Imperioso destacar alguns trechos dos relatórios apresentados pela Assistente Social Valdeci G. Campos (profissional que acompanhava a infante em suas viagens da cidade de Santa Vitória do Palmar até a cidade de Pelotas para realizar as visitas à família paterna), nos autos da ação de destituição do poder familiar ajuizada pelo MP, em 29-8-2003, n° 1467-115/2003, em face do genitor Marcelo M. W.:
Relatório 16/2005, elaborado em 18-6-2005 (fls. 379-380):
A pedido de Luíza, brincamos de “mãe e filha”; onde ela era “minha mãe” e eu a “filha dela”, durante a brincadeira ela me dizia que eu (a filha) teria que ser uma filha boazinha, se não ela (a mãe) iria morrer e “eu iria morar com uma família muito ruim.
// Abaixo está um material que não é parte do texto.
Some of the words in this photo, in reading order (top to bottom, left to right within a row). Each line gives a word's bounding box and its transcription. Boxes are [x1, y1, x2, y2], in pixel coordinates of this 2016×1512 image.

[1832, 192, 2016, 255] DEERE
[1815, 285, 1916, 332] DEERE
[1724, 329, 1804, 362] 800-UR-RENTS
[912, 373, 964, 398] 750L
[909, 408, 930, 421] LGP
Seria a família do meu pai e que meu pai ia colocar o dedinho na minha bundinha e no meu xixi”. Após falar isto, ela me beijou e disse: “Não é verdade! É minha mãe Gislaine que me diz isto quando eu não obedeço”. E mudamos a brincadeira.
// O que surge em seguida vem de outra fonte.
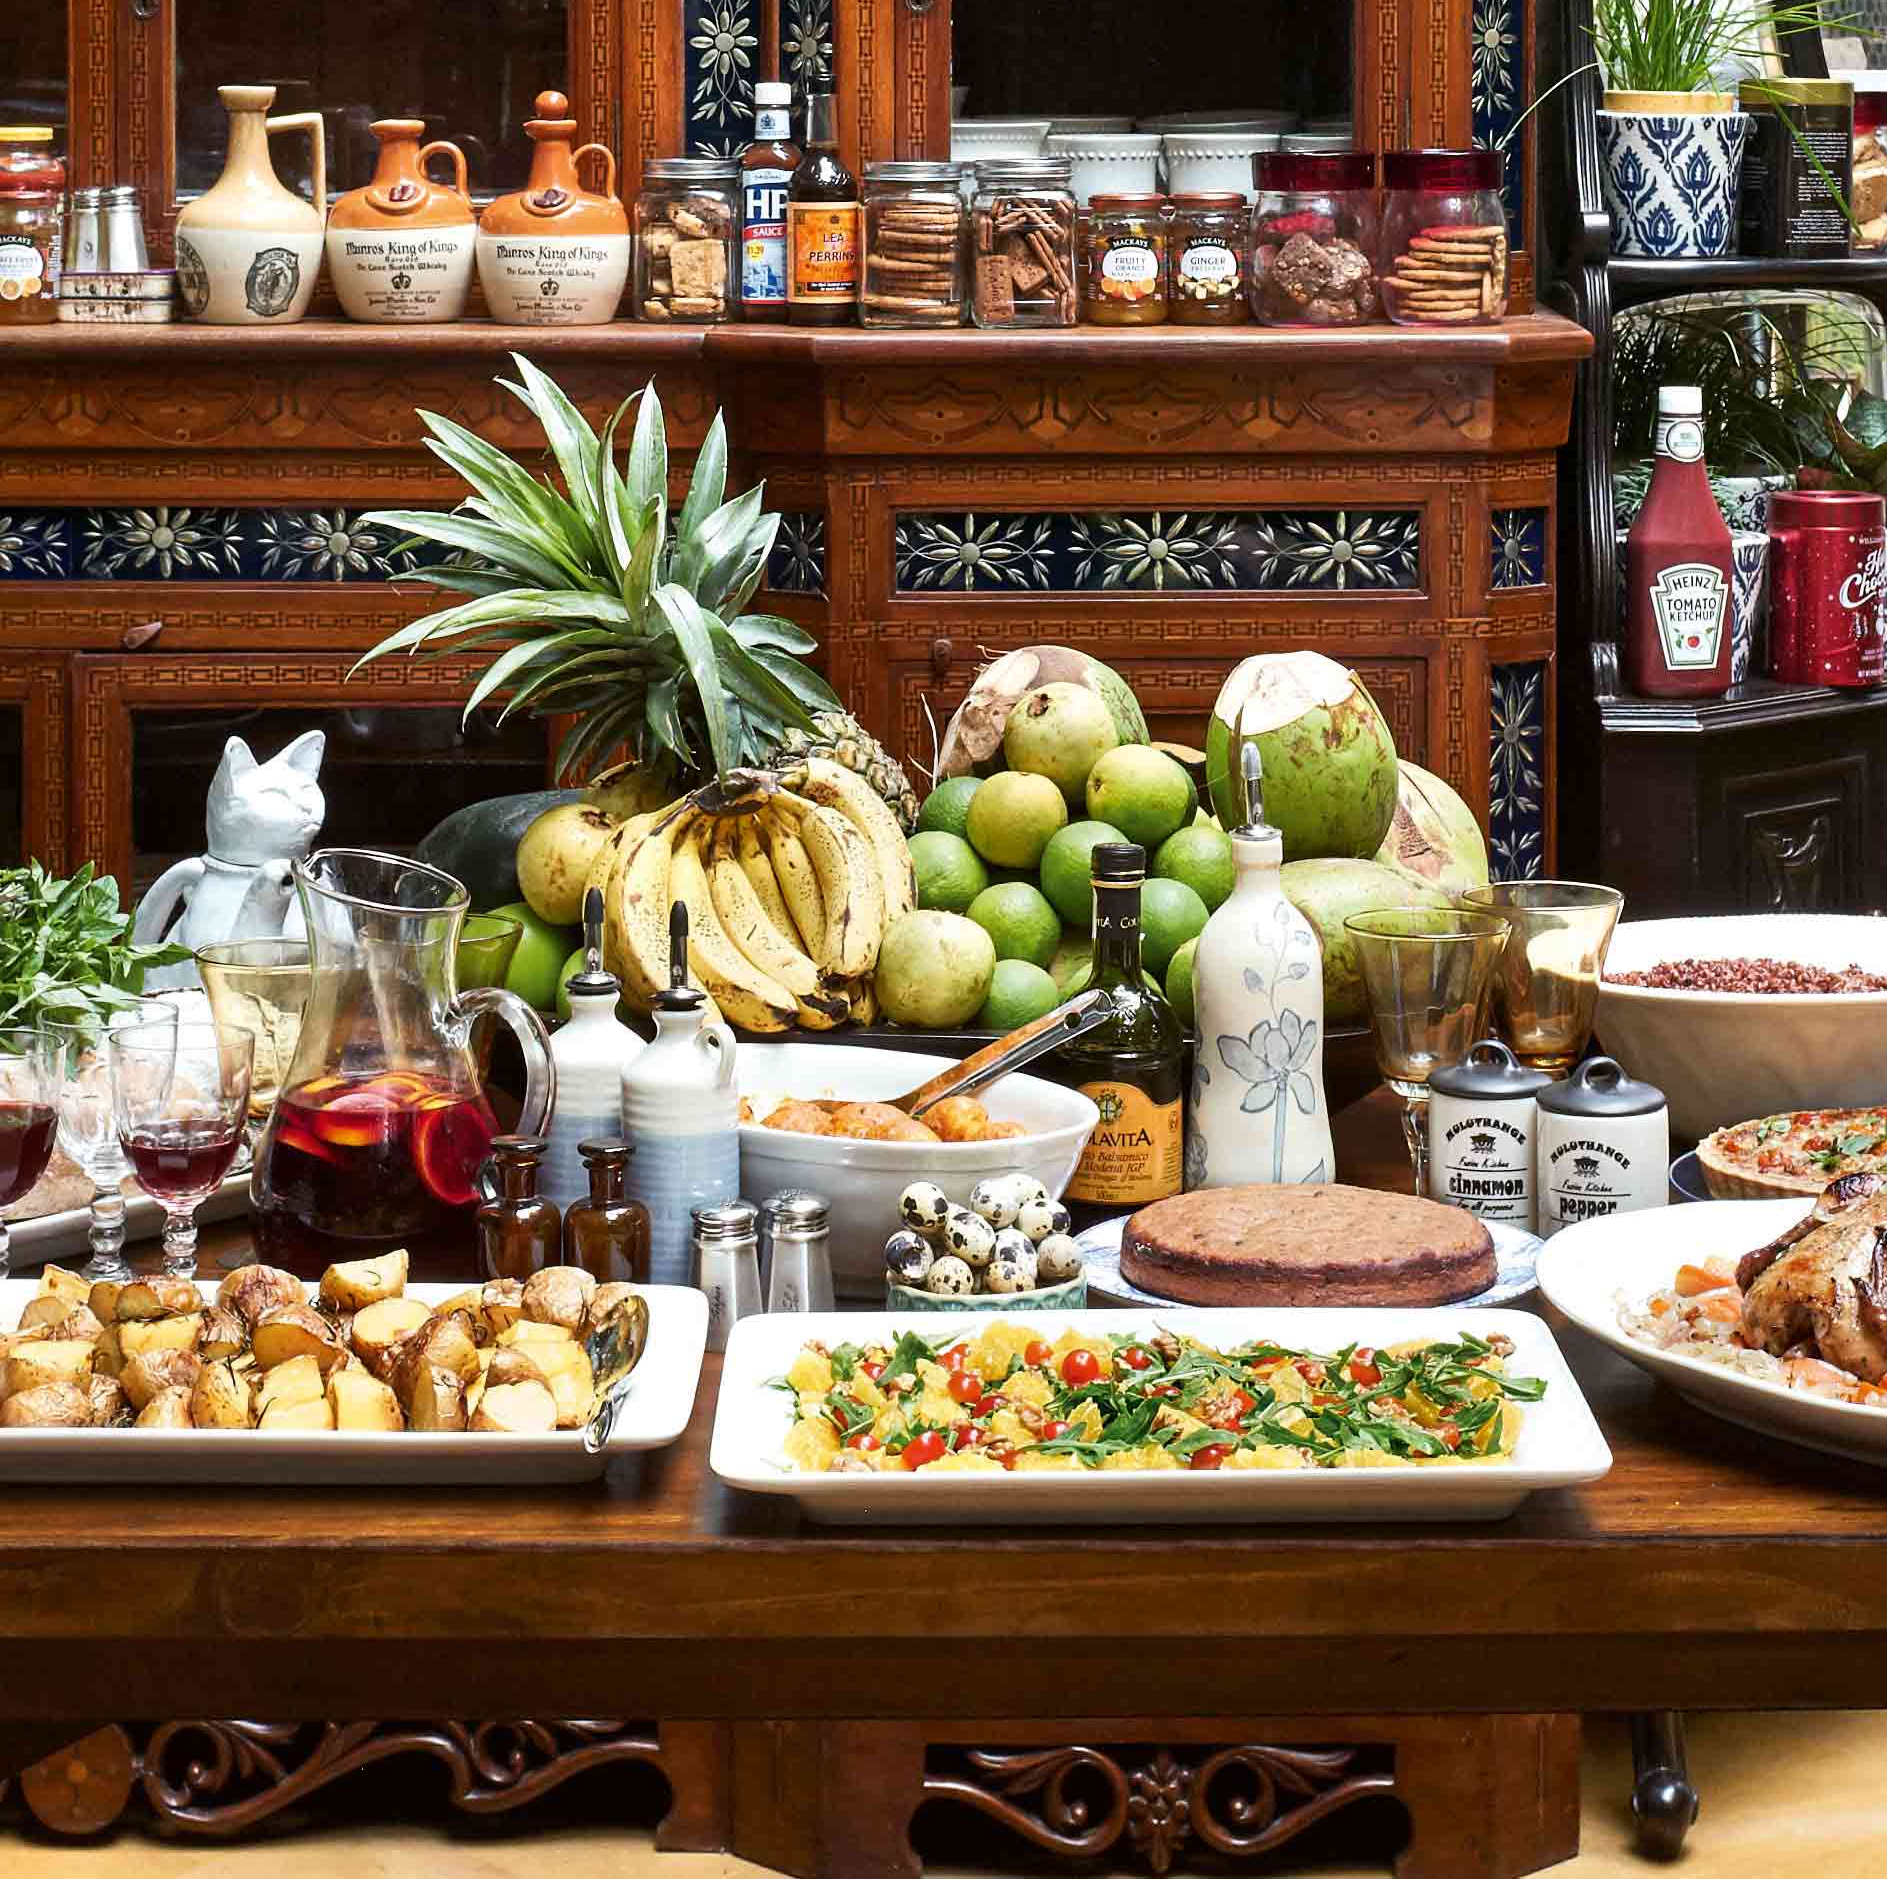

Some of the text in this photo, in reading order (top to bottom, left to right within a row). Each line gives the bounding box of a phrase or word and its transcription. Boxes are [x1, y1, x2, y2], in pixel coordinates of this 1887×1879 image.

[752, 226, 784, 237] SAUCE
[1112, 237, 1148, 248] MACKAYS
[1190, 237, 1226, 247] MACKAYS
[1190, 257, 1226, 265] GINGER
[1672, 575, 1711, 591] HEINZ
[1667, 598, 1717, 611] TOMATO
[1670, 610, 1715, 622] KETCHUP
[1087, 1128, 1152, 1147] LAVITA
[1449, 1172, 1523, 1196] cinnamon
[1560, 1196, 1617, 1221] pepper
Relatório 21/2005, com data de 27-8-2005 (fl. 390):
(...)ela [Luiza] alterna momentos de extrema felicidade com momentos de tristeza, chora e xinga todo mundo: “vocês querem me tirar da minha mãe”. Continuo preocupada , desde que aceitei o caso, com as condições psicológicas da Luíza. (...) Quando a Luiza viaja comigo ela chega mais tranqüila, ela conversa o tempo todo, conta da escolhinha, das coleguinhas, da mãe, etc., pede para que eu não conte que ela “ama o pai” porque sua mãe fica “muito braba”.
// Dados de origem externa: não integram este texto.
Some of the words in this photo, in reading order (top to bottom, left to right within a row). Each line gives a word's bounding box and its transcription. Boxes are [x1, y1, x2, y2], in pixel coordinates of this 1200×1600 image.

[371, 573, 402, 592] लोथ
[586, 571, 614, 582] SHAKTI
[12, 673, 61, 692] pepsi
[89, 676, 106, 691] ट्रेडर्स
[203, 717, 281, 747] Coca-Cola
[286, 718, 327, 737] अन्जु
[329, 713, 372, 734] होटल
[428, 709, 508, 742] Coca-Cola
Relatório 22/2005, realizado em 9-9-2005 (fl. 391):
A menina brinca, corre, abraça e beija o pai, quando lembra pede que eu “não comente com a fada” pois sua mãe diz que ela “só é amada pela mãe e só pode amar a mãe. A menina disse: “eu amo meu pai mas digo para minha mãe que não gosto, para ela não me bater”. (...)

No relatório 24/2005, com data de 7-10-2005 (fls. 396-397), após ter passado alguns dias na casa de sua avó paterna, com ótimo relacionamento com os familiares, inclusive chorando abraçada ao pai e solicitando ficar mais alguns dias em sua companhia, a infante na viagem de retorno solicita à assistente social:
por favor não coloca no relatório que eu chorei [para ficar], que eu estava feliz, diz que eu chuto minha avó, que bato no Felipe [primo], porque se não minha mãe fica braba e todos os dias me fala o que tu colocou no relatório.

Relatório 25/2005, de 5-11-2005 (fl. 399):
O que posso perceber é que a menina demonstra muito medo de sua mãe, diz que “não pode conversar comigo pois a mãe diz ter um anjo que lhe conta tudo”, isso intimida a menina tanto, que perto de chegarmos em Santa Vitória ela começa a ficar agitada e apreensiva, fala no meu ouvido com medo que o “anjo possa ouvir”.

Relatório 28/2005, elaborado em 3-12-2005, (fls. 403-404)
Luiza chorava muito e não queria ir comigo, queria que a mãe fosse junto. Como não parava de chorar, falei com a Srª Gislaine para que ficasse com a menina, pois estávamos atrasando a saído do ônibus. (...) O episódio do embarque me pareceu ter sido provocado pela mãe de Luiza, que continua fazendo uma espécie de “terrorismo psicológico” pois, além de dizer para filha que “faltava pouco para que esta situação se resolva e ela não vai precisar ir mais”, a mãe levou a Luiza para a rodoviária acompanhada de babá com as duas filhas pequenas, a Luiza chorava e dizia que “a mãe e as meninas vão tomar sorvetes e brincar com meus brinquedos”. Cinco minutos depois que saiu o ônibus ela já não chorava mais. Falou-me que ela “queria ir para casa da avó, mas se a mãe descobre ela me bate”, ou seja, na frente da mãe (possivelmente por medo) a Luiza chora e diz que não quer ir, longe da mãe ela se solta e fica feliz em viajar, mas aí também fica com medo porque a Assistente Social vai contar, “nos papéis ou no relatório”, que ela está feliz. Ela disse ainda: “tenho que fazer isso (chorar), dizendo que não quero vir porque se não a minha mãe me bate e me xinga, diz que eles vão me levar embora e eu não vou mais ver ela. Ela não gosta da gente do pai, por isso tenho que chorar para não vir”.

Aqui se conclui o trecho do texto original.